Throughout last summer, 15 executives from leading U. S. companies spent two or three days a week doing what they believe must be done by American industry as a whole: cooperating on a strategic vision for manufacturing in the 21st century. "If we don't learn how to work together better, we could end up working for the Japanese," says Roger N. Nagel, operations director of Lehigh University's Iacocca Institute, which served as the hub of the collaboration.
On Dec. 12, Nagel will unwrap the results of the summer camp: a two-volume report called 21st Century Manufacturing Enterprise Strategy. It lays out a daring blueprint that Nagel insists could enable U. S. industry to match -- and surpass -- the ambitious programs under way in Japan and Europe to develop tomorrow's factories. Because the industrialized world is working to reinvent manufacturing, says Nagel, "we have a unique opportunity, now, to restore American manufacturing to world leadership. But it will only get done if we all sit down together." Adds Gino J. Giocondi, vice-president for productivity at Chrysler Corp. and a member of the team that thrashed out the Lehigh report: "If we could wave a magic wand" and implement these proposals, "there's no question the U. S. could regain manufacturing preeminence in 15 years."
BIG GULP. At first blush, parts of the plan may seem farfetched. It envisions nimble carmakers that will take an order, then build and deliver custom-made, defect-free cars in only three days. Assembled from modular components, the cars could later be upgraded easily by consumers eager to drive the latest technological marvels -- but too parsimonious to buy a new car. "You could see the Detroit guys kind of gulp at the practical realities of that," recalls Wyckham Seelig, director of manufacturing planning at American Telephone & Telegraph Co. and also a member of the Lehigh team. The other companies were Air Products & Chemicals, Boeing Helicopters, FMC, General Electric, General Motors, IBM, Kingsbury Machine Tool, Motorola, Texas Instruments, TRW, and Westinghouse Electric.
The study outlines the concept of a three-day car in detail because a similar scheme has been evolving in Japan since 1987. It's part of projects being coordinated by the Japan Machinery Federation and Waseda University. Known in the U. S. as Manufacturing 21, the Japanese program is supported by 200 companies. In fact, according to some observers, the Ministry of International Trade & Industry hatched its grandiose Intelligent Manufacturing System project (page 96 59 ) to avoid being outclassed.

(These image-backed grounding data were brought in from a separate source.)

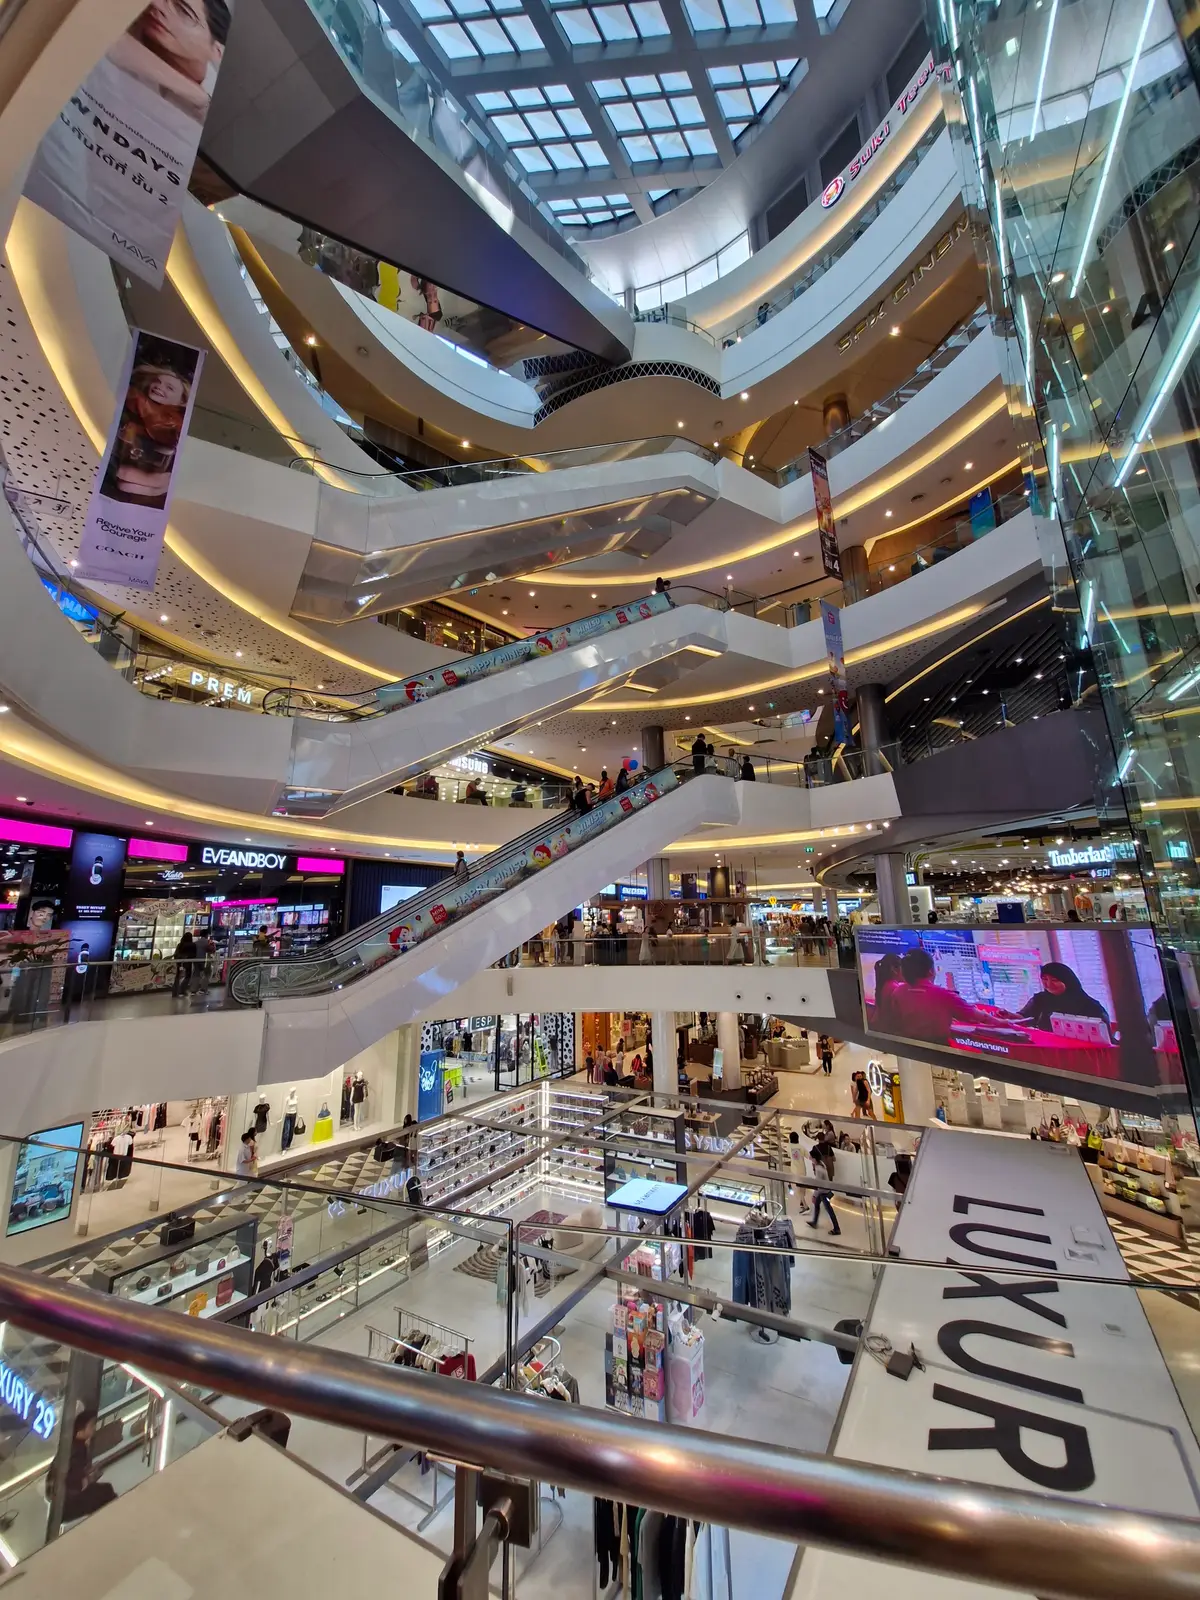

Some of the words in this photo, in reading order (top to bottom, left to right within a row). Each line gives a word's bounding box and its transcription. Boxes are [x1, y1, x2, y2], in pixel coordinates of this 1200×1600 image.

[849, 120, 891, 180] Suki
[158, 193, 169, 206] 2
[95, 517, 131, 533] Revive
[131, 527, 156, 539] Your
[100, 524, 149, 543] Courage
[95, 544, 145, 560] COACH
[463, 658, 498, 677] HAPPY
[499, 646, 532, 664] MINISO
[201, 847, 287, 869] EVEANDBOY
[454, 879, 491, 908] HAPPY
[493, 858, 529, 885] MINISO
[475, 1015, 493, 1028] ESP
[33, 1398, 56, 1440] 29
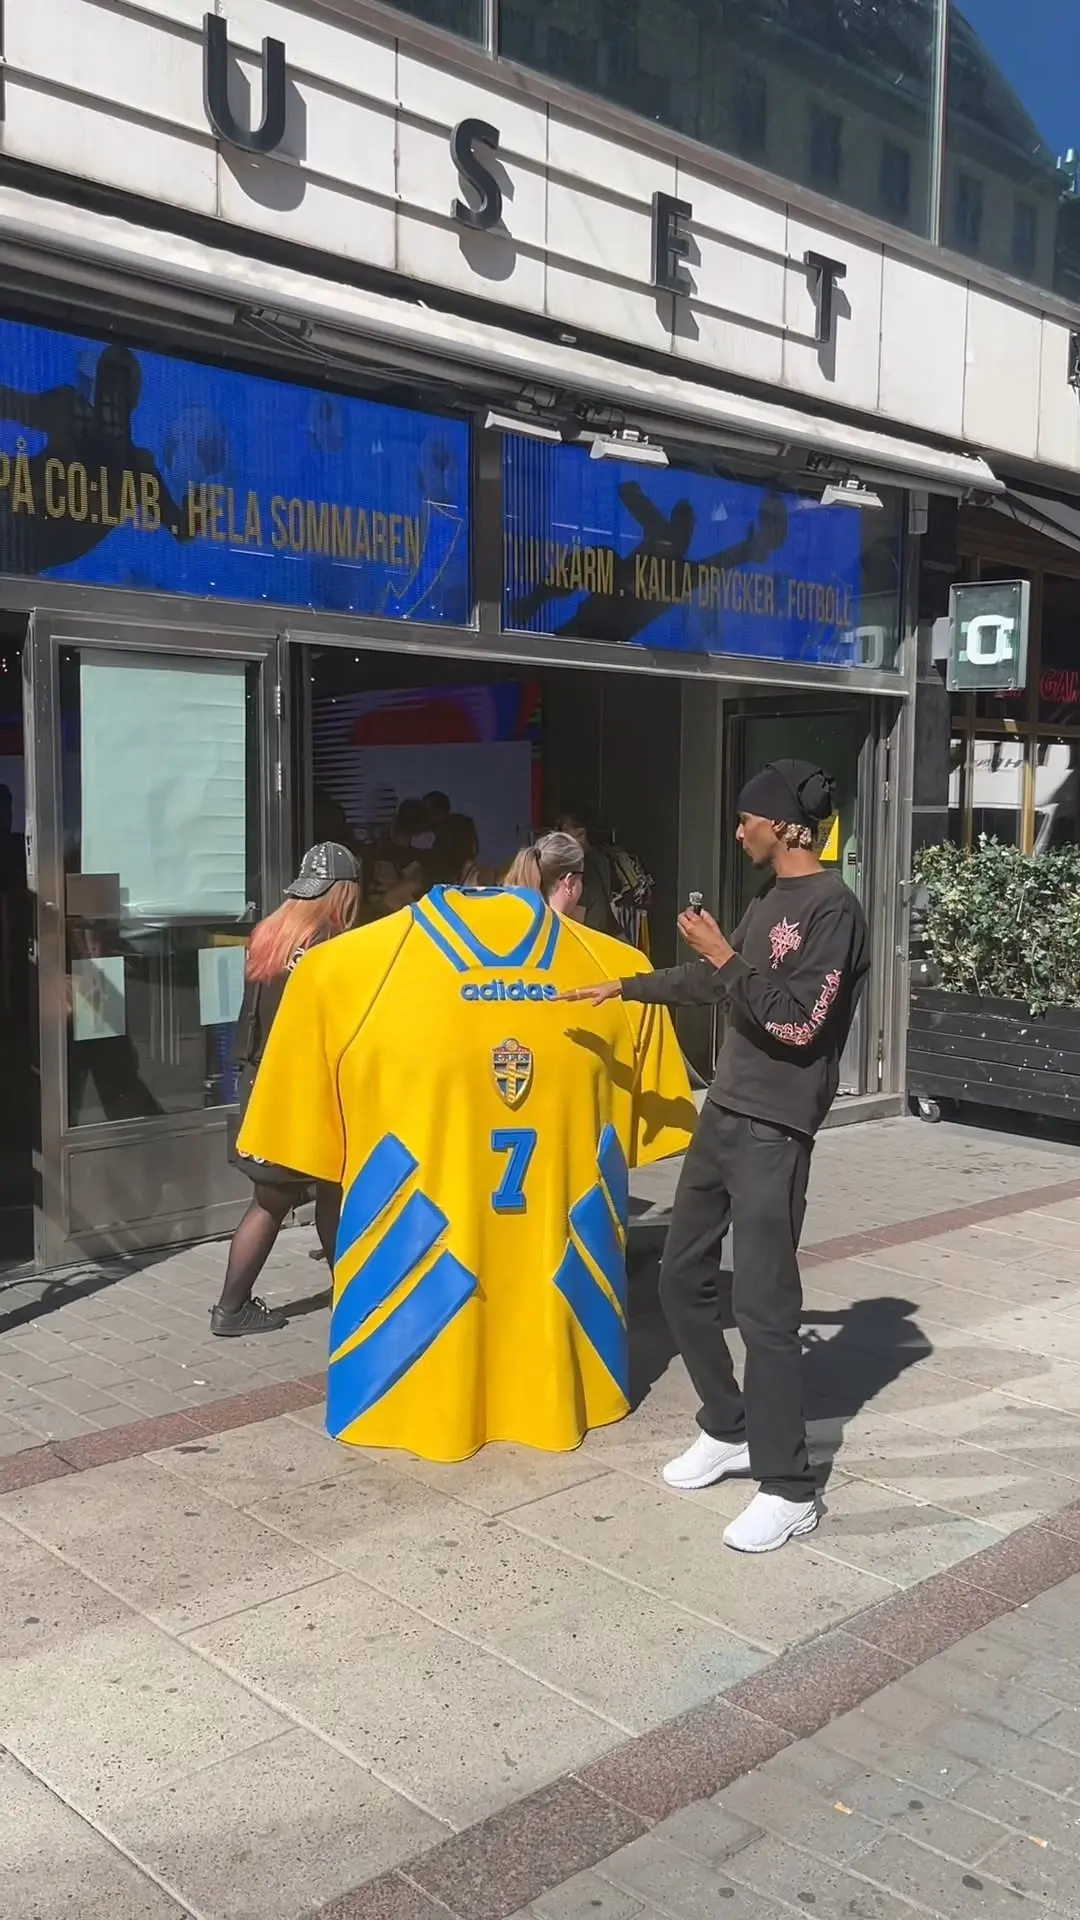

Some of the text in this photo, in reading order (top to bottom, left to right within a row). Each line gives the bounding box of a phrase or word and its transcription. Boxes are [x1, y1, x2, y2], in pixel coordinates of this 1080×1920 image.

JACK BE NIMBLE. Seelig concedes that some provisions of the Lehigh study strain his imagination. A computer network linking every American factory is feasible and would be a formidable resource. But the scenario also envisions using the network to form instant on-line partnerships, or "virtual ventures," to go after fast-moving markets. In the land of rugged individualism, "that's a stretch," he says.
But if Lehigh's predictions are right, virtual ventures could be essential. The report forecasts a worldwide transition to "agile" manufacturing. In this environment, any high-tech company still wedded to mass production will lose out to nimble competitors who use reconfigurable factories and computer-integrated systems to turn out customized products in a dizzying range of choices.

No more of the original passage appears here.